The state of Nebraska has addressed this issue by instituting an emergency response protocol for life threatening allergic reactions. Google "Attack on Asthma Nebraska" and lobby for a similar program in your state. The school nurse is responsible for educating and training a team in each school so even a school without an RN on site will know how to respond in an emergency. The program has saved many lives and provided peace of mind for families, students, and school personnel.
This protocol may be acceptable for students who have a diagnosed severe allergy but about 25% of all instances of anaphylaxis occur in people without a previously known or diagnosed allergy. This other type of situation needs the professional assessment and care of a fulltime, onsite RN to differentiate between a severe asthma attack or some other condition which may appear like an allergic reaction. Why must we cut corners on the health, safety and well being of our children? These things should be the number one priority in schools.
We all know the ideal would be to have a registered nurse in every school, but the reality is many districts stretch nurses thin by routinely assigning them several elementary schools. In these situations a protocol such as the one instituted in NE is better than nothing at all. I agree, our childrens' health and safety should be the number one priority in schools and I hope to see a day when every school district superintendent agrees.

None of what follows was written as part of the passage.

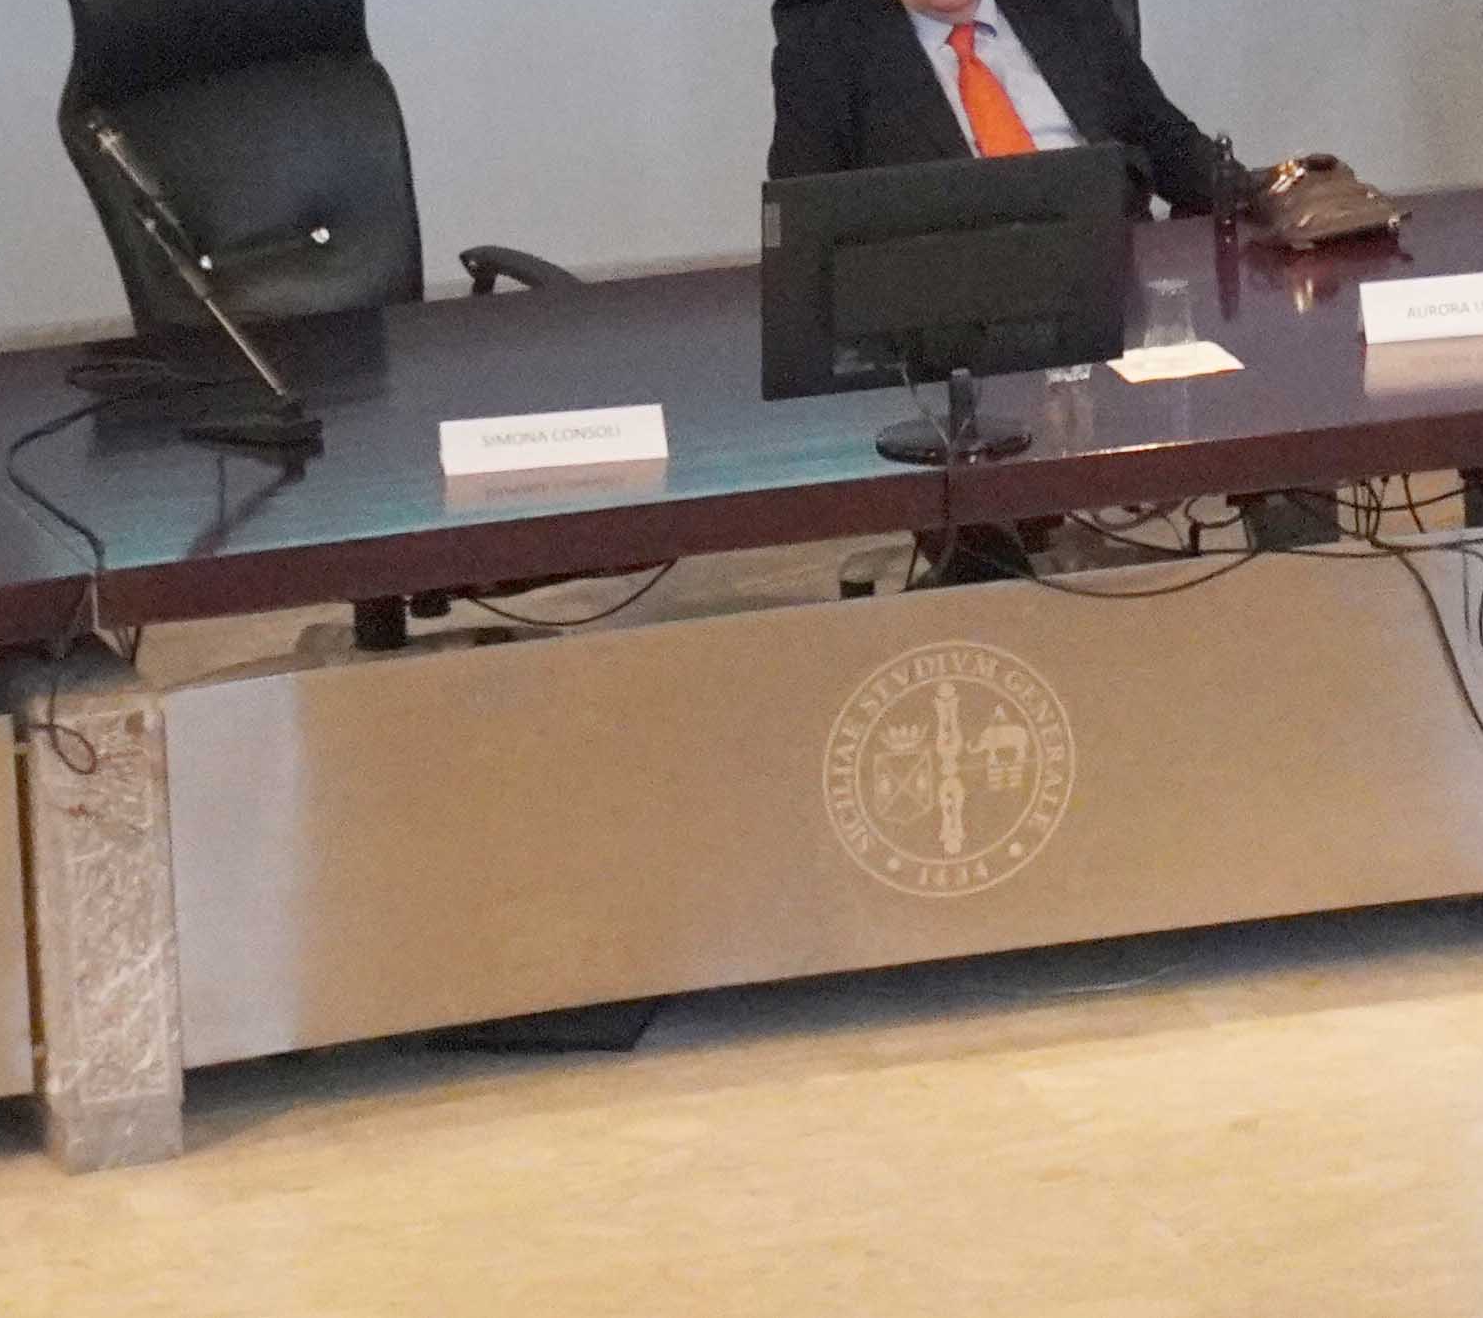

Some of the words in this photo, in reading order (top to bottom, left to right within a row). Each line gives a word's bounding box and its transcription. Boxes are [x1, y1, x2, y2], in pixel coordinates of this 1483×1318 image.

You are preaching to the choir. I'm willing to bet everyone on this thread agrees that every school should have a full time RN, but unfortunately most districts view it as a luxury - not a necessity. Until the ideal becomes a reality most of us are stuck training unlicensed personnel to do our job in our absence. Having a program like the one in NE is better than having nothing at all.
Buying an epi-pen per school is only part of the problem. If a district does not have a supervising physician, there is no one to order the Epi-Pen making it a mute point as to whether the district is willing to pay the money or not. If there is to be a law requiring an Epi-Pen available, then the physician order needs to be dealt with at the introduction of the law, "Who will be the ordering physician for the uncovered schools?"